Write out all the material verbatim, line by line.
┌─ Records to process
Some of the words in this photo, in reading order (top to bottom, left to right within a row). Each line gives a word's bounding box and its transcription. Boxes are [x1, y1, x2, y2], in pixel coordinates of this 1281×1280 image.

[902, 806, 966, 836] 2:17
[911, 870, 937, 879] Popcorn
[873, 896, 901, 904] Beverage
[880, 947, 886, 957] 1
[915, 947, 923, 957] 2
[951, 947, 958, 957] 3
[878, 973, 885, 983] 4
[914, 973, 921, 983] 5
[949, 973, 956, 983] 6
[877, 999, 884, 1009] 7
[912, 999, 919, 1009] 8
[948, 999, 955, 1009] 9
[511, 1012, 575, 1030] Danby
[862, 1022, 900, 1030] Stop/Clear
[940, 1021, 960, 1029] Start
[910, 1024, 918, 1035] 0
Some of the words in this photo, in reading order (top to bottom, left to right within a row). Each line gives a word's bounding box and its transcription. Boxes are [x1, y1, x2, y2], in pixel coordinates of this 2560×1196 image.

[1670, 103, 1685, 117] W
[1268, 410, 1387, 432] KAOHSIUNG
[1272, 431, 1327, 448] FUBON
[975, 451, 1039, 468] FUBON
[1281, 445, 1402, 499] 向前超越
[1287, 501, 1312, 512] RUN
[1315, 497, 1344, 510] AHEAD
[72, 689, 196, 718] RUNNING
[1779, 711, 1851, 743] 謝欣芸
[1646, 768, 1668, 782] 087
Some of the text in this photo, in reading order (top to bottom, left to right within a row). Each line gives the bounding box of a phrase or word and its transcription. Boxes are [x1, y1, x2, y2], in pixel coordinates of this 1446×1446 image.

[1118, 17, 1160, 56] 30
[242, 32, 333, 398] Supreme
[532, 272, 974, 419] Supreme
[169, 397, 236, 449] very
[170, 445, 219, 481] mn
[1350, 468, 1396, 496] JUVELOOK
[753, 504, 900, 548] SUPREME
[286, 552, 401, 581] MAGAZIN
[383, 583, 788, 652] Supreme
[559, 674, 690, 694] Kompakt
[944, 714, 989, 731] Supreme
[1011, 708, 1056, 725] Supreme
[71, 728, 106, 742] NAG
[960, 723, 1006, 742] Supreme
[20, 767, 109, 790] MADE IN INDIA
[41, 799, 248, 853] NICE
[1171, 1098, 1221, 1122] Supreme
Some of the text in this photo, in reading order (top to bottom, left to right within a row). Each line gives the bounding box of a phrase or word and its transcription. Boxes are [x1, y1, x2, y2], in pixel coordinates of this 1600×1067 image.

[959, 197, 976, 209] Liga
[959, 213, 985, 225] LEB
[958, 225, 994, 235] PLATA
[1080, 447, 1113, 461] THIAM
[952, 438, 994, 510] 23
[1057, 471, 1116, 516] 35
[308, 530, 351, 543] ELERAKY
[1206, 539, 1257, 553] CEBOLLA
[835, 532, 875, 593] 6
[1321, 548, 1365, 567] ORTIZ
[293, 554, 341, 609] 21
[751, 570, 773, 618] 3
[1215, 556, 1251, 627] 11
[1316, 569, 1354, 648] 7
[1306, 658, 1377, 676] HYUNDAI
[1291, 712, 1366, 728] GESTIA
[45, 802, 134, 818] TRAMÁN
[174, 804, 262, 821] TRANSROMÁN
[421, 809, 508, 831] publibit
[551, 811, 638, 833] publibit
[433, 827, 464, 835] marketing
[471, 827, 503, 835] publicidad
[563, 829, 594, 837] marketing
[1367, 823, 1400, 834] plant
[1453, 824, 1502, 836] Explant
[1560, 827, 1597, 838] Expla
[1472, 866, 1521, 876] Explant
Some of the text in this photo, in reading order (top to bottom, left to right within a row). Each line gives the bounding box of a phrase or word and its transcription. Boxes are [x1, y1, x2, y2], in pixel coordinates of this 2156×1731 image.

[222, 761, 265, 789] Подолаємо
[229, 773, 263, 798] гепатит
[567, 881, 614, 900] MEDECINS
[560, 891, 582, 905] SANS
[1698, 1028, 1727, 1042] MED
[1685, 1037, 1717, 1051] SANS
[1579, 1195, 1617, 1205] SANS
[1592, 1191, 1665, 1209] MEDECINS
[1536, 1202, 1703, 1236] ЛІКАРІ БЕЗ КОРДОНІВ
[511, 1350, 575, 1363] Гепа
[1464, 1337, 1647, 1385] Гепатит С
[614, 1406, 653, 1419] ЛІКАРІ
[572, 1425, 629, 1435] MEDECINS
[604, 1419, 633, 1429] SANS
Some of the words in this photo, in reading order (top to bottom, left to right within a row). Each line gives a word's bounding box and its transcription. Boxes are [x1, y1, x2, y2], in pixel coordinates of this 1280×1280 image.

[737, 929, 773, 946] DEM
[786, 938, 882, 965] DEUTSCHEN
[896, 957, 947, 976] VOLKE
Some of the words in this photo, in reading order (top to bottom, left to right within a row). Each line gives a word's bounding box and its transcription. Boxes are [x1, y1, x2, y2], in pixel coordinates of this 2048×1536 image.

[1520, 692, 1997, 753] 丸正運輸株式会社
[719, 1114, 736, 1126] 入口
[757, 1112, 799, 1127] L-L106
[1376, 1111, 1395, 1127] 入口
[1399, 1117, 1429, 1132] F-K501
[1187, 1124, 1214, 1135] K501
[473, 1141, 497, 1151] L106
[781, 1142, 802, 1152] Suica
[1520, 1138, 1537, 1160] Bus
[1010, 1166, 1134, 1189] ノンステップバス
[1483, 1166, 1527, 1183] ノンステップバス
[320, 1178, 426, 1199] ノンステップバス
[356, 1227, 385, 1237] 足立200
└─
» **Output of the task**
Some of the words in this photo, in reading order (top to bottom, left to right within a row). Each line gives a word's bounding box and its transcription. Boxes are [x1, y1, x2, y2], in pixel coordinates of this 1281×1280 image.

[902, 806, 966, 836] 2:17
[911, 870, 937, 879] Popcorn
[873, 896, 901, 904] Beverage
[880, 947, 886, 957] 1
[915, 947, 923, 957] 2
[951, 947, 958, 957] 3
[878, 973, 885, 983] 4
[914, 973, 921, 983] 5
[949, 973, 956, 983] 6
[877, 999, 884, 1009] 7
[912, 999, 919, 1009] 8
[948, 999, 955, 1009] 9
[511, 1012, 575, 1030] Danby
[862, 1022, 900, 1030] Stop/Clear
[940, 1021, 960, 1029] Start
[910, 1024, 918, 1035] 0
Some of the words in this photo, in reading order (top to bottom, left to right within a row). Each line gives a word's bounding box and its transcription. Boxes are [x1, y1, x2, y2], in pixel coordinates of this 2560×1196 image.

[1670, 103, 1685, 117] W
[1268, 410, 1387, 432] KAOHSIUNG
[1272, 431, 1327, 448] FUBON
[975, 451, 1039, 468] FUBON
[1281, 445, 1402, 499] 向前超越
[1287, 501, 1312, 512] RUN
[1315, 497, 1344, 510] AHEAD
[72, 689, 196, 718] RUNNING
[1779, 711, 1851, 743] 謝欣芸
[1646, 768, 1668, 782] 087
Some of the text in this photo, in reading order (top to bottom, left to right within a row). Each line gives the bounding box of a phrase or word and its transcription. Boxes are [x1, y1, x2, y2], in pixel coordinates of this 1446×1446 image.

[1118, 17, 1160, 56] 30
[242, 32, 333, 398] Supreme
[532, 272, 974, 419] Supreme
[169, 397, 236, 449] very
[170, 445, 219, 481] mn
[1350, 468, 1396, 496] JUVELOOK
[753, 504, 900, 548] SUPREME
[286, 552, 401, 581] MAGAZIN
[383, 583, 788, 652] Supreme
[559, 674, 690, 694] Kompakt
[944, 714, 989, 731] Supreme
[1011, 708, 1056, 725] Supreme
[71, 728, 106, 742] NAG
[960, 723, 1006, 742] Supreme
[20, 767, 109, 790] MADE IN INDIA
[41, 799, 248, 853] NICE
[1171, 1098, 1221, 1122] Supreme
Some of the text in this photo, in reading order (top to bottom, left to right within a row). Each line gives the bounding box of a phrase or word and its transcription. Boxes are [x1, y1, x2, y2], in pixel coordinates of this 1600×1067 image.

[959, 197, 976, 209] Liga
[959, 213, 985, 225] LEB
[958, 225, 994, 235] PLATA
[1080, 447, 1113, 461] THIAM
[952, 438, 994, 510] 23
[1057, 471, 1116, 516] 35
[308, 530, 351, 543] ELERAKY
[1206, 539, 1257, 553] CEBOLLA
[835, 532, 875, 593] 6
[1321, 548, 1365, 567] ORTIZ
[293, 554, 341, 609] 21
[751, 570, 773, 618] 3
[1215, 556, 1251, 627] 11
[1316, 569, 1354, 648] 7
[1306, 658, 1377, 676] HYUNDAI
[1291, 712, 1366, 728] GESTIA
[45, 802, 134, 818] TRAMÁN
[174, 804, 262, 821] TRANSROMÁN
[421, 809, 508, 831] publibit
[551, 811, 638, 833] publibit
[433, 827, 464, 835] marketing
[471, 827, 503, 835] publicidad
[563, 829, 594, 837] marketing
[1367, 823, 1400, 834] plant
[1453, 824, 1502, 836] Explant
[1560, 827, 1597, 838] Expla
[1472, 866, 1521, 876] Explant
Some of the text in this photo, in reading order (top to bottom, left to right within a row). Each line gives the bounding box of a phrase or word and its transcription. Boxes are [x1, y1, x2, y2], in pixel coordinates of this 2156×1731 image.

[222, 761, 265, 789] Подолаємо
[229, 773, 263, 798] гепатит
[567, 881, 614, 900] MEDECINS
[560, 891, 582, 905] SANS
[1698, 1028, 1727, 1042] MED
[1685, 1037, 1717, 1051] SANS
[1579, 1195, 1617, 1205] SANS
[1592, 1191, 1665, 1209] MEDECINS
[1536, 1202, 1703, 1236] ЛІКАРІ БЕЗ КОРДОНІВ
[511, 1350, 575, 1363] Гепа
[1464, 1337, 1647, 1385] Гепатит С
[614, 1406, 653, 1419] ЛІКАРІ
[572, 1425, 629, 1435] MEDECINS
[604, 1419, 633, 1429] SANS
Some of the words in this photo, in reading order (top to bottom, left to right within a row). Each line gives a word's bounding box and its transcription. Boxes are [x1, y1, x2, y2], in pixel coordinates of this 1280×1280 image.

[737, 929, 773, 946] DEM
[786, 938, 882, 965] DEUTSCHEN
[896, 957, 947, 976] VOLKE
Some of the words in this photo, in reading order (top to bottom, left to right within a row). Each line gives a word's bounding box and its transcription. Boxes are [x1, y1, x2, y2], in pixel coordinates of this 2048×1536 image.

[1520, 692, 1997, 753] 丸正運輸株式会社
[719, 1114, 736, 1126] 入口
[757, 1112, 799, 1127] L-L106
[1376, 1111, 1395, 1127] 入口
[1399, 1117, 1429, 1132] F-K501
[1187, 1124, 1214, 1135] K501
[473, 1141, 497, 1151] L106
[781, 1142, 802, 1152] Suica
[1520, 1138, 1537, 1160] Bus
[1010, 1166, 1134, 1189] ノンステップバス
[1483, 1166, 1527, 1183] ノンステップバス
[320, 1178, 426, 1199] ノンステップバス
[356, 1227, 385, 1237] 足立200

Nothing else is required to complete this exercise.